*** DATA Section Begins ***

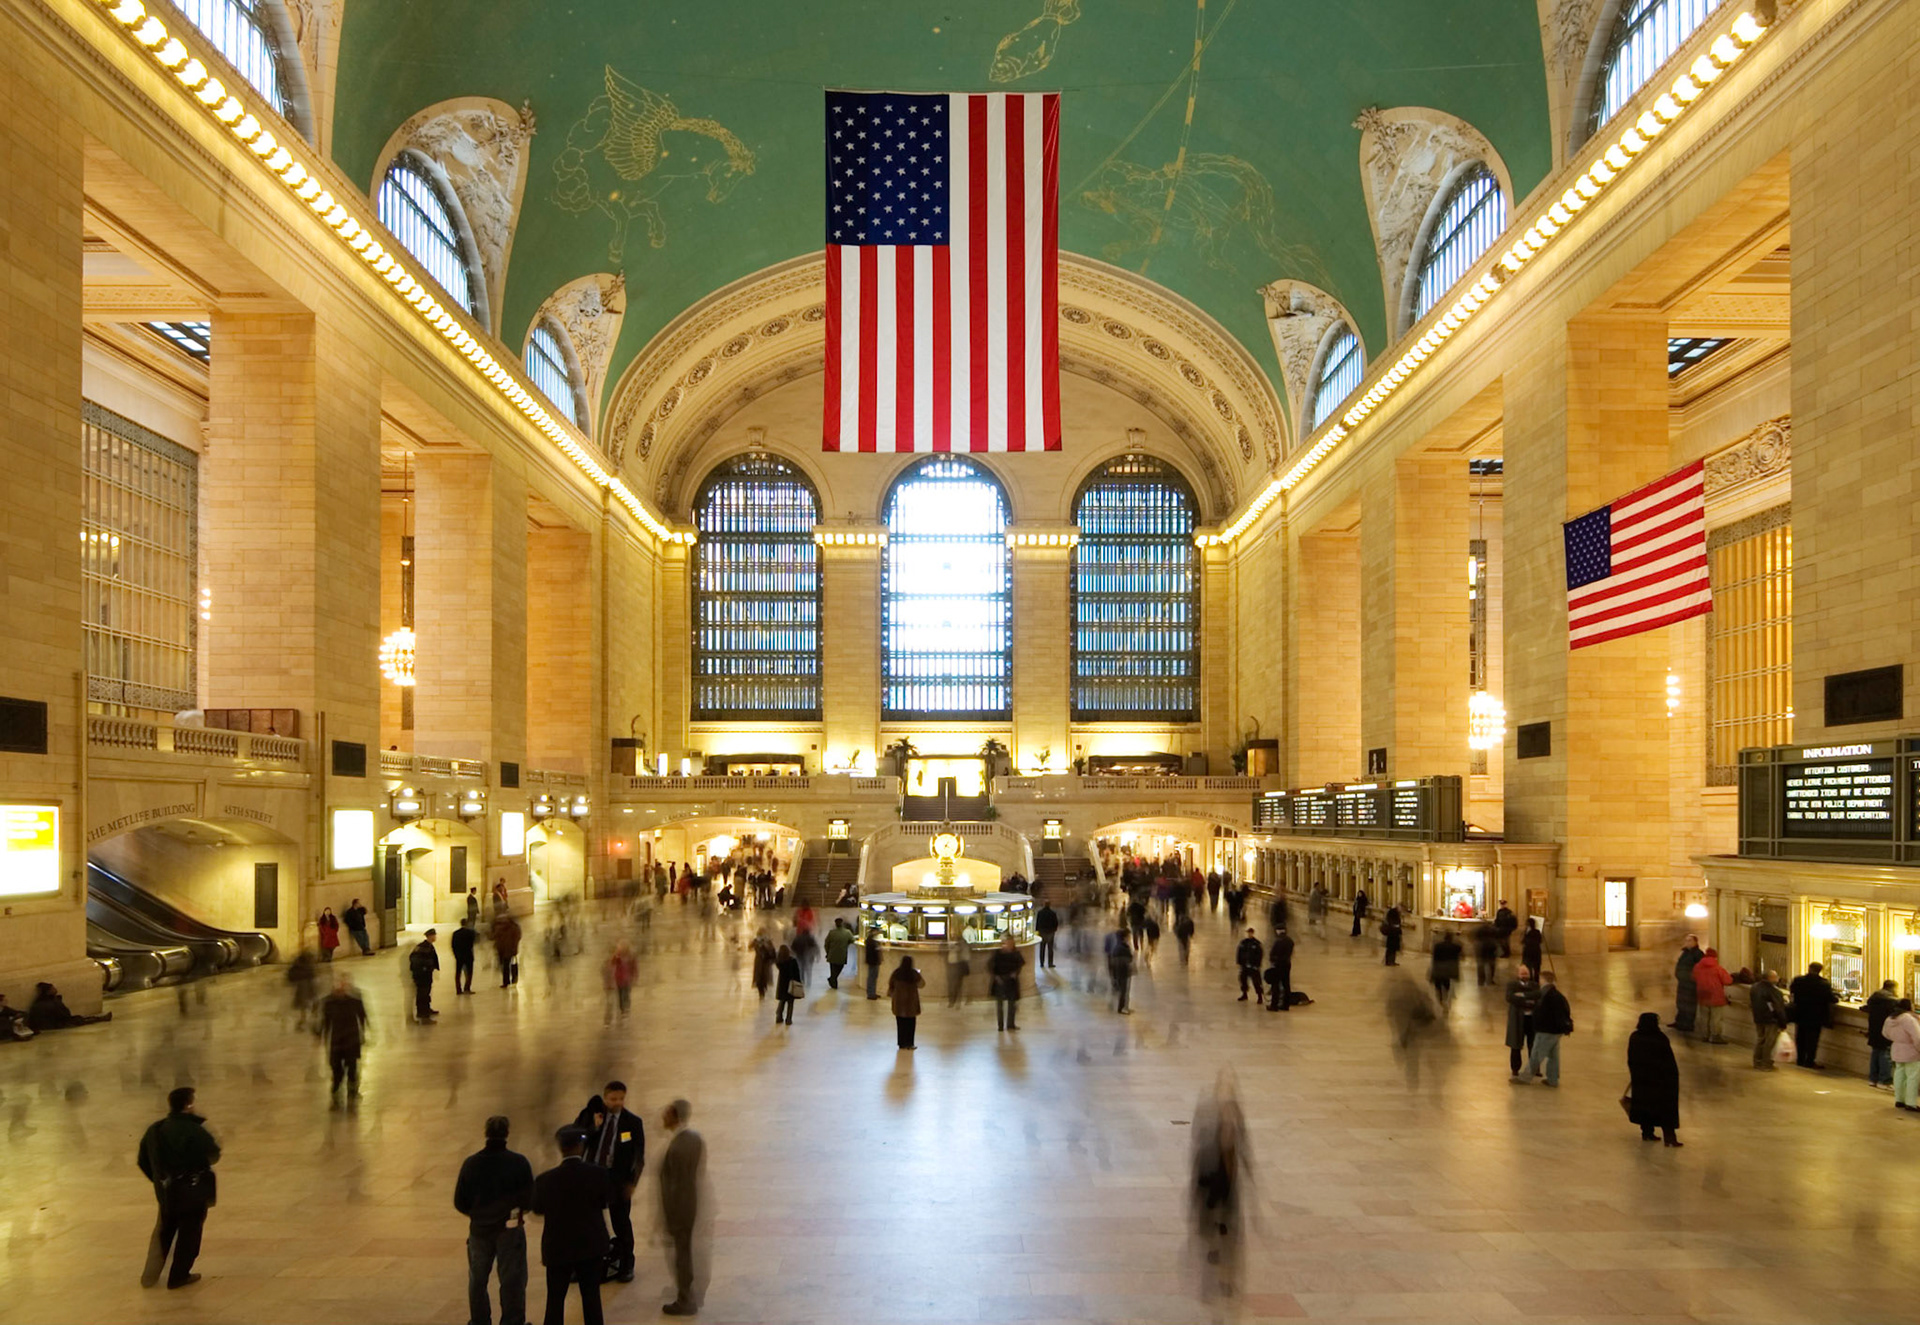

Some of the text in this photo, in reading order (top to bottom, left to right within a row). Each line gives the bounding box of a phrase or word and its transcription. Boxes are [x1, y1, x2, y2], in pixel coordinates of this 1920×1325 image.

[1803, 744, 1872, 758] INFORMATION
[1805, 767, 1835, 775] ATTENTION
[1787, 779, 1803, 787] NEVER
[1805, 778, 1822, 786] LEAVE
[1824, 777, 1851, 785] PACKAGES
[1786, 790, 1819, 798] UNATTENDED
[1820, 789, 1838, 797] ITEMS
[1853, 788, 1862, 796] BE
[1864, 787, 1891, 796] REMOVED
[1823, 800, 1845, 808] POLICE
[244, 808, 273, 824] STREET
[87, 803, 196, 842] THE METLIFE BUILDING
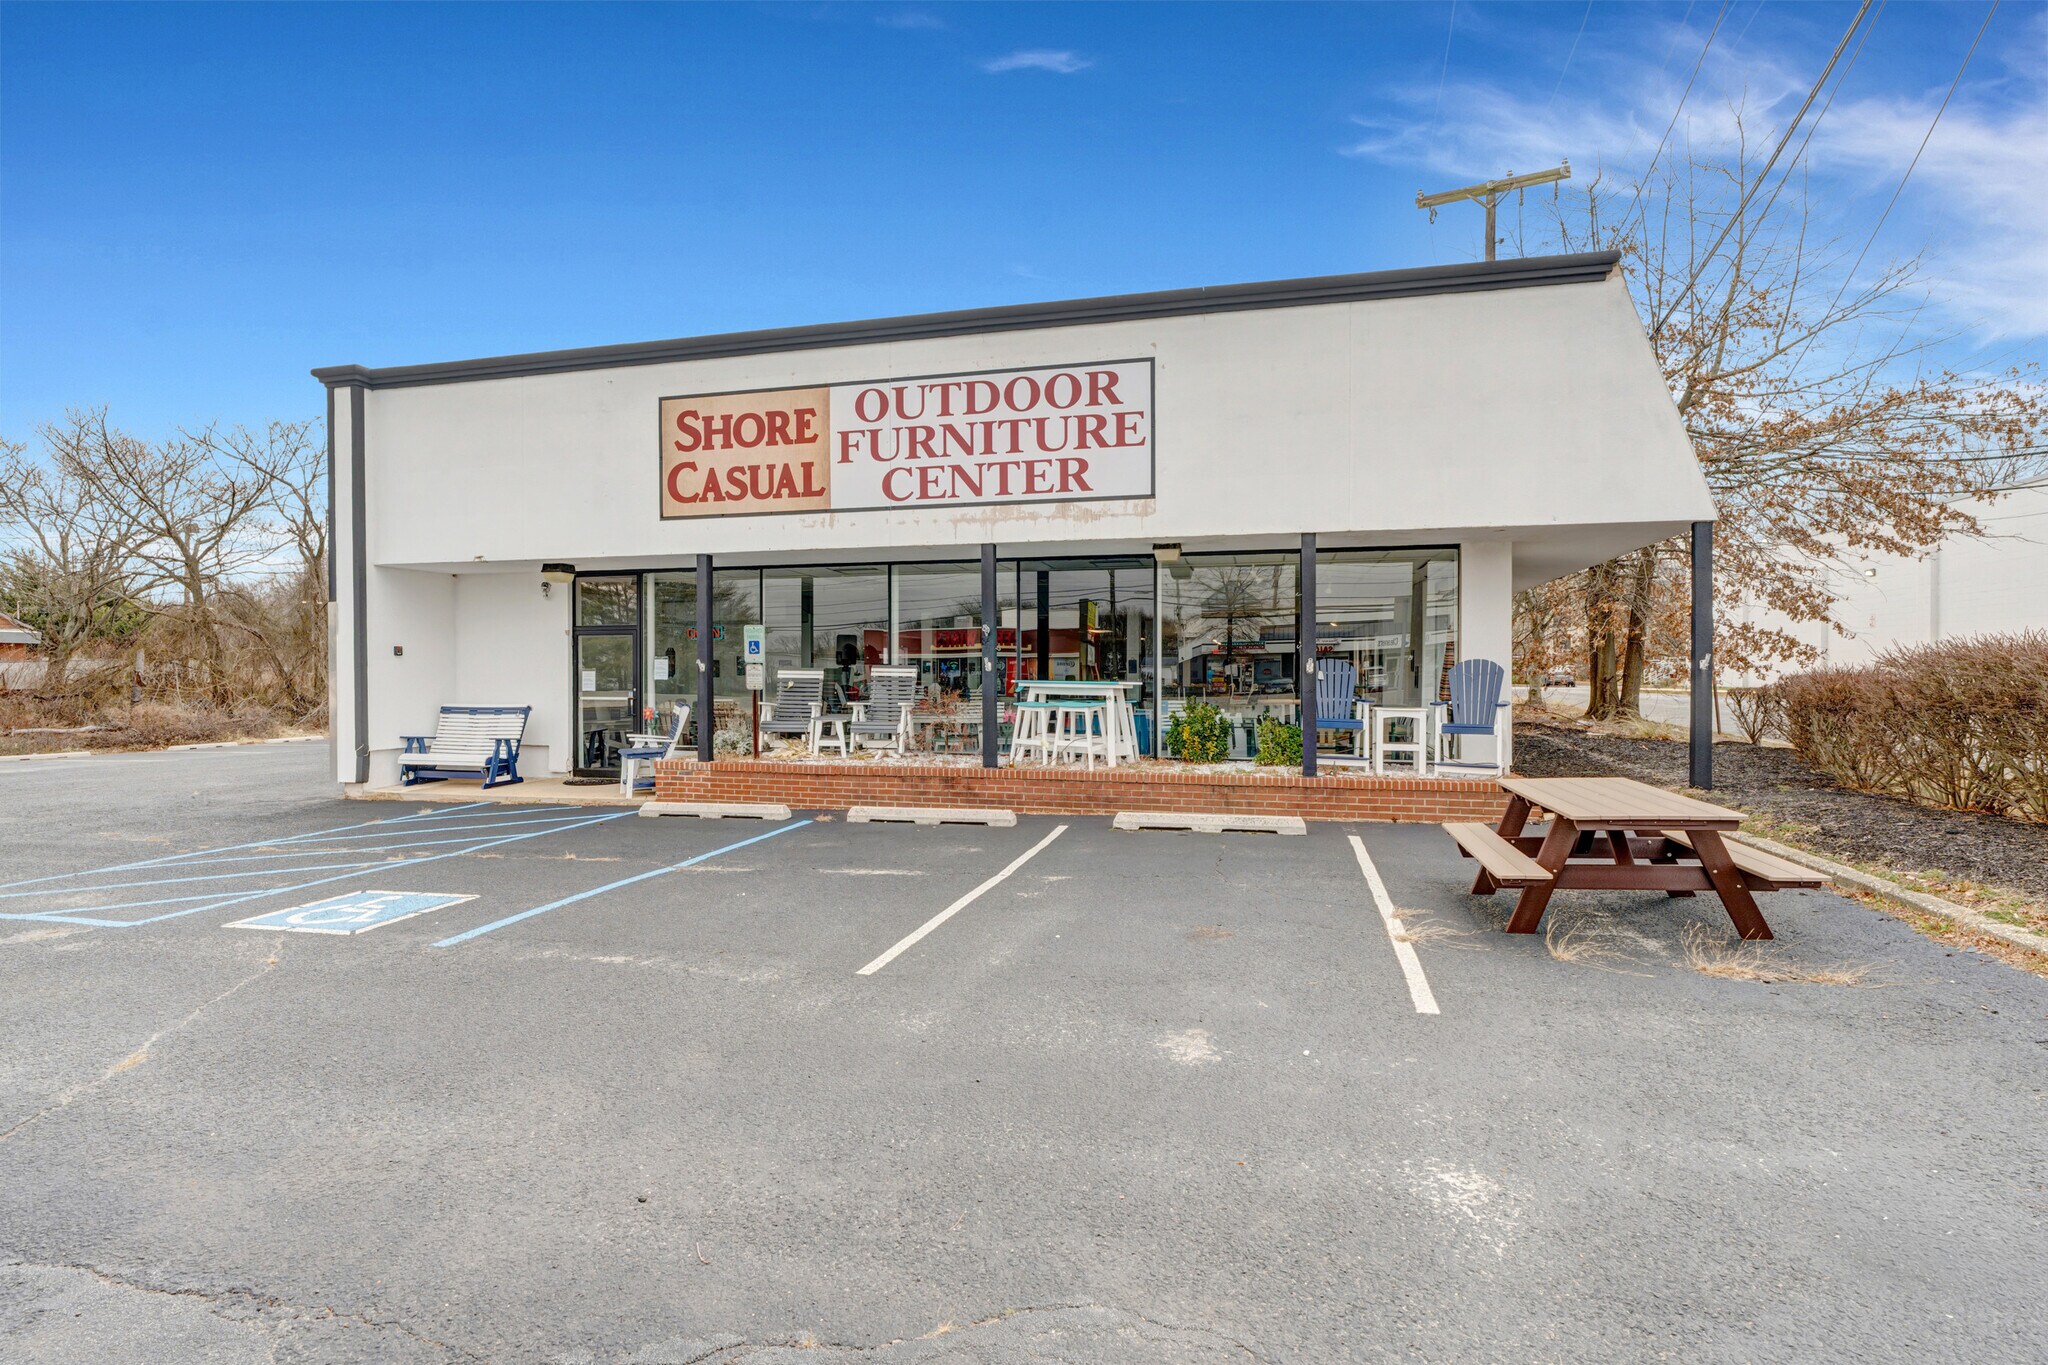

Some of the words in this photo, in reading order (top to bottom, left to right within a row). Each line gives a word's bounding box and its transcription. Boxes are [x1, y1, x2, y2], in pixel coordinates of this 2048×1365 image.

[855, 371, 1124, 423] OUTDOOR
[674, 408, 819, 452] SHORE
[837, 411, 1146, 464] FURNITURE
[667, 461, 826, 503] CASUAL
[882, 457, 1094, 502] CENTER
[687, 627, 721, 639] ON
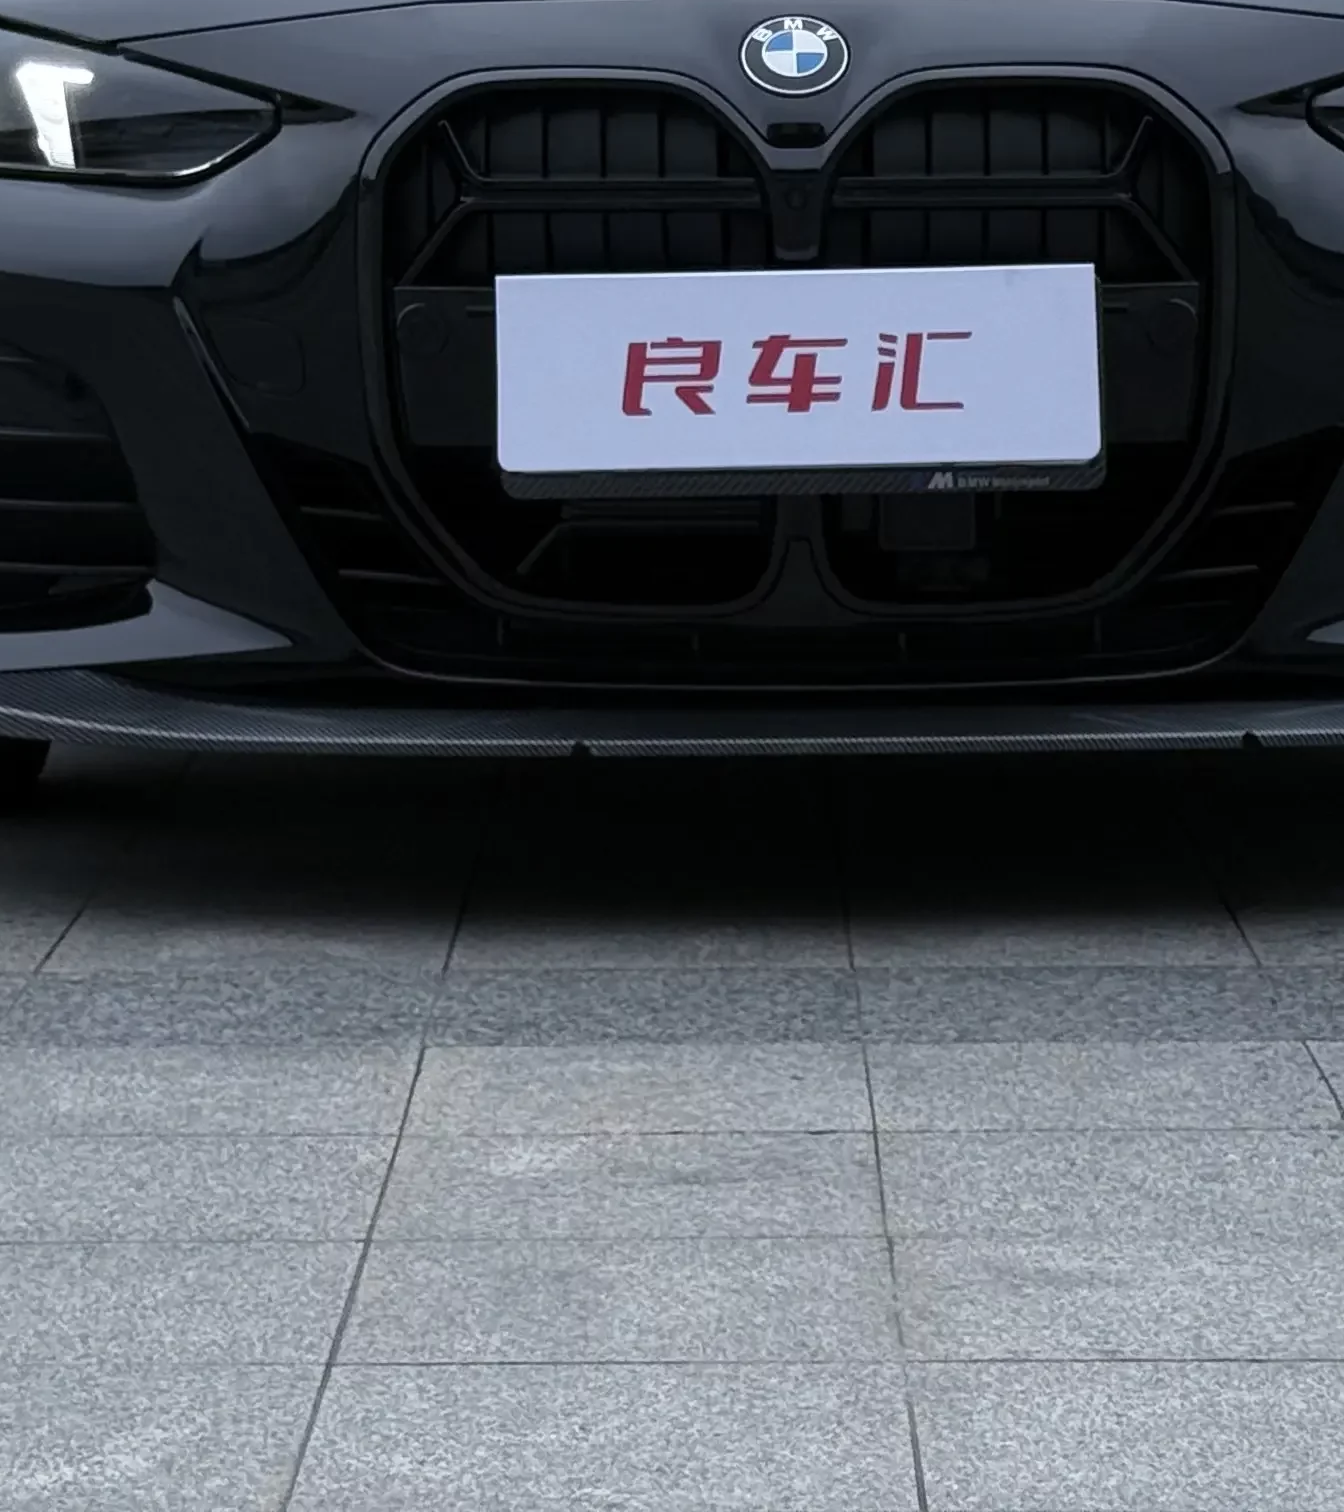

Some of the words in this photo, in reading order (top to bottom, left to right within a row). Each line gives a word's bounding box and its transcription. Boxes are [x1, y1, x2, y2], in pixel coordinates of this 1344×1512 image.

[751, 18, 838, 42] BMW
[621, 331, 972, 416] 良车汇

*** DATA Section Ends ***

# [ABOUT THIS EXERCISE]
Return exactly the lines that begin with the one containing "this 2048×1365 image." and end with the final line of the data above; include no pictures.

# [RESULT]
Some of the words in this photo, in reading order (top to bottom, left to right within a row). Each line gives a word's bounding box and its transcription. Boxes are [x1, y1, x2, y2], in pixel coordinates of this 2048×1365 image.

[855, 371, 1124, 423] OUTDOOR
[674, 408, 819, 452] SHORE
[837, 411, 1146, 464] FURNITURE
[667, 461, 826, 503] CASUAL
[882, 457, 1094, 502] CENTER
[687, 627, 721, 639] ON

Some of the words in this photo, in reading order (top to bottom, left to right within a row). Each line gives a word's bounding box and its transcription. Boxes are [x1, y1, x2, y2], in pixel coordinates of this 1344×1512 image.

[751, 18, 838, 42] BMW
[621, 331, 972, 416] 良车汇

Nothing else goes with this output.